Chinese-sentence-pair-modeling

This repository contains the following models for sentence pair modeling: BiLSTM (max-pooling), BiGRU (element-wise product), BiLSTM (self-attention), ABCNN, RE2, ESIM, BiMPM, Siamese BERT, BERT, RoBERTa, XLNet, DistilBERT and ALBERT. All these codes are based on PyTorch and you are recommended to run the "ipynb" files in Google Colab, where you could get GPU resources for free.

1. Datasets

I conduct experiments on 5 Chinese datasets: 3 paraphrase identification datasets and 2 natural language inference datasets. Tables below give a brief comparison of these datasets.

Note: the BQ Corpus dataset requires you to send an application form, which can be downloaded from http://icrc.hitsz.edu.cn/Article/show/175.html . The CMNLI dataset is too large, and you can download it from https://storage.googleapis.com/cluebenchmark/tasks/cmnli_public.zip . Due to the unbalanced categories (labels of 1, 2, 3, 4 account for a smallpercentage) of ChineseSTS, I drop these few labels and converts the dataset into an binary classification task. What's more, OCNLI and CMNLI datasets are preprocessed by removing the data with missing labels.

2. Implementation Details

After analyzing the distributions of lengths of sentences in 5 datasets, the max_sequence_length for truncation is set to 64 for convenient comparisons. What's more, the hidden size is set to 200 in all models using BiLSTM.

For models of BiLSTM (max-pooling), BiGRU (element-wise product), BiLSTM (self-attention), ABCNN, RE2, ESIM and BiMPM, I apply character embedding and word embedding respectively while tokenizing sentences into tokens. The pre-trained character embedding matrix contains 300-dimensional character vectors trained on Wikipedia_zh corpus (please download it from https://github.com/liuhuanyong/ChineseEmbedding/blob/master/model/token_vec_300.bin), while the word embedding matrix is composed of 300-dimensional word vectors trained on Baidu Encyclopedia (please download it from https://pan.baidu.com/s/1Rn7LtTH0n7SHyHPfjRHbkg).

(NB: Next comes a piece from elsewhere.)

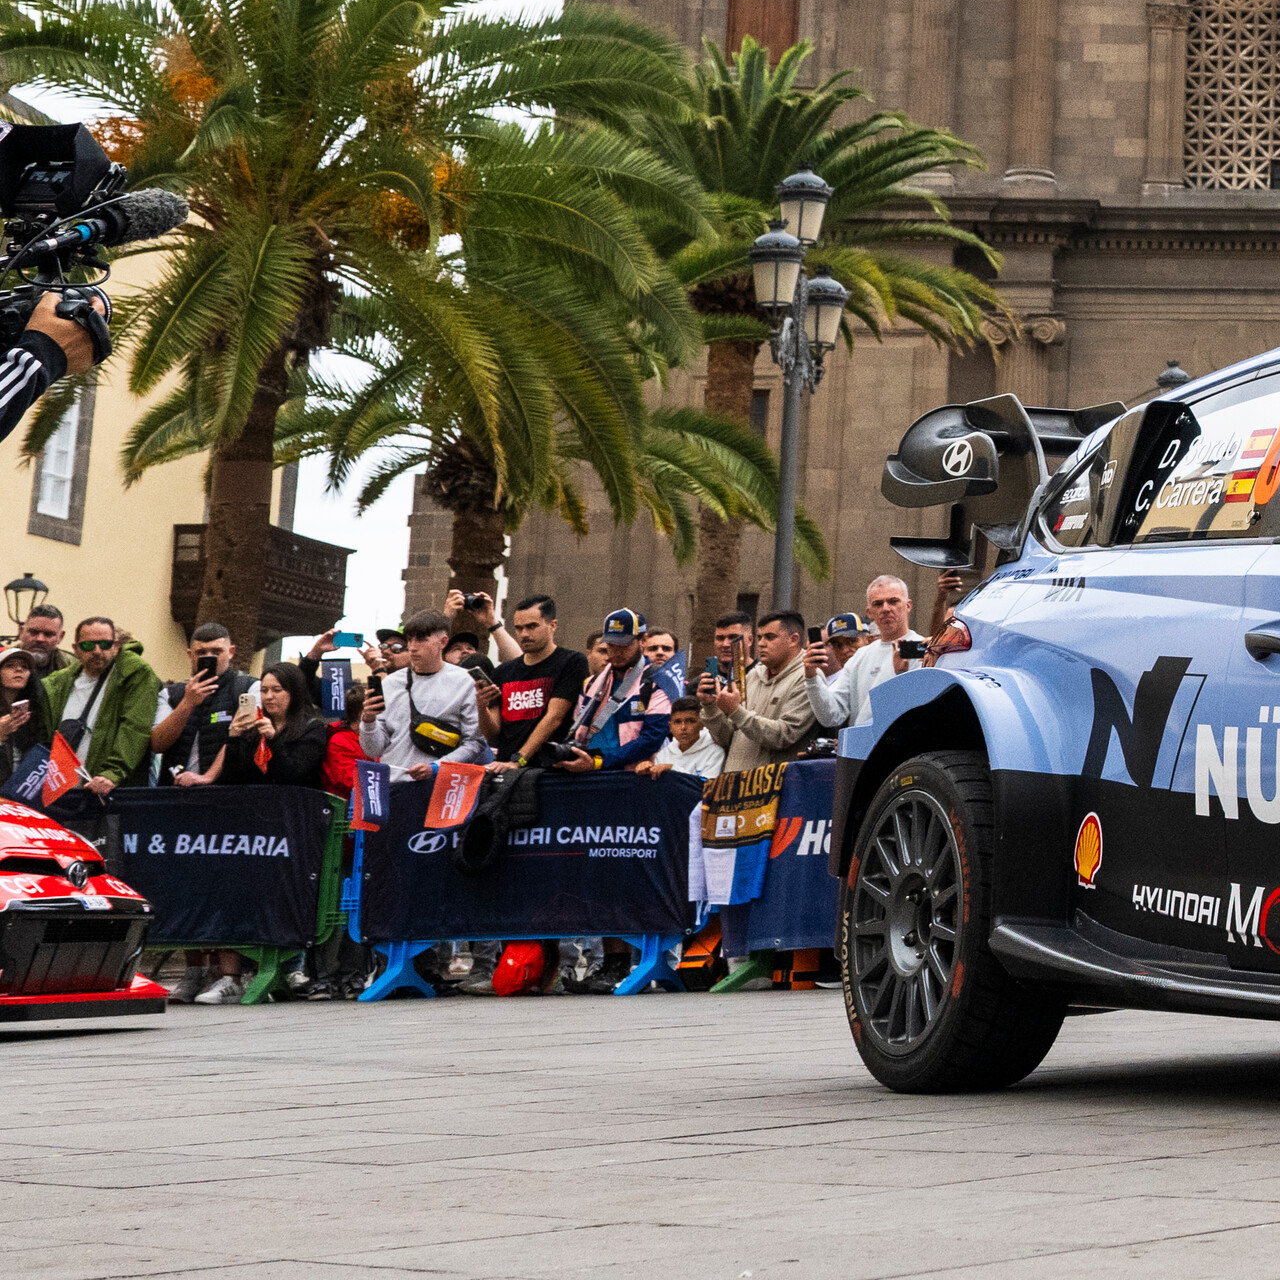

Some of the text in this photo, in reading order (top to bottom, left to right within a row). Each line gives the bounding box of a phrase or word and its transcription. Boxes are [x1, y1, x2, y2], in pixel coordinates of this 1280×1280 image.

As for Siamese BERT, BERT, BERT-wwm, RoBERTa, XLNet DistilBERT and ALBERT, learning rate is the most important hyperparameter (inappropriate choice may lead to divergence of models), which is generally chosen from 1e-5 to 1e-4. What's more, it should also be determined by the batchsize. A large batchsize should correspond to a large learning rate.

3. Experiment results and analysis

The following table shows the test accuracy (%) of different models on 5 datasets:

Model	LCQMC	ChineseSTS	BQ Corpus	OCNLI	CMNLI	Avg.
BiLSTM (max-pooling)-char-pre	74.4	97.5	70.0	60.6	56.7	71.8
BiLSTM (max-pooling)-word-pre	75.2	98.0	68.0	58.0	56.9	71.2
BiLSTM (self-attention)-char-pre	85.0	96.8	79.8	58.5	63.6	76.7
BiLSTM (self-attention)-word-pre	83.7	94.4	79.3	57.8	64.2	75.9
ABCNN-char-pre	79.5	97.2	78.8	53.2	63.2	74.4
ABCNN-word-pre	81.3	97.9	74.4	54.1	59.8	73.5
RE2-char-pre	84.2	98.7	80.4	61.0	68.6	78.6
RE2-word-pre	84.5	98.6	80.1	57.2	65.1	77.1
ESIM-char-pre	83.6	99.0	81.2	64.8	74.0	80.5
ESIM-word-pre	84	98.9	81.7	61.3	72.6	79.7
BiMPM-char-pre	83.6	98.9	79.2	63.9	69.7	79.1
BiMPM-word-pre	83.7	98.8	80.3	59.9	69.6	78.5
Siamese BERT	84.8	97.7	83.5	66.8	72.5	81.1
BERT	87.8	98.9	84.2	73.8	80.5	85.0
BERT-wwm	87.4	99.2	84.5	73.8	80.6	85.1
RoBERTa	87.5	99.2	84.6	75.5	80.6	85.5
XLNet	87.4	99.1	84.1	73.6	80.7	85.0
ALBERT	87.4	99.5	82.2	68.1	74.8	82.4

3.1 Char Embedding vs. Word Embedding

Note that the y_axis is the averaged accuracy on 5 different test sets. We can see that using method of char embedding gets greater performance than that of word embedding. It may be because that the word embedding matrix is much more sparse than char embedding matrix, so large quantities of weights of word vectors do not get updated during training. Besides, the out-of-vocabulary problem is more easily to happen in word embedding, which also weakens its performance.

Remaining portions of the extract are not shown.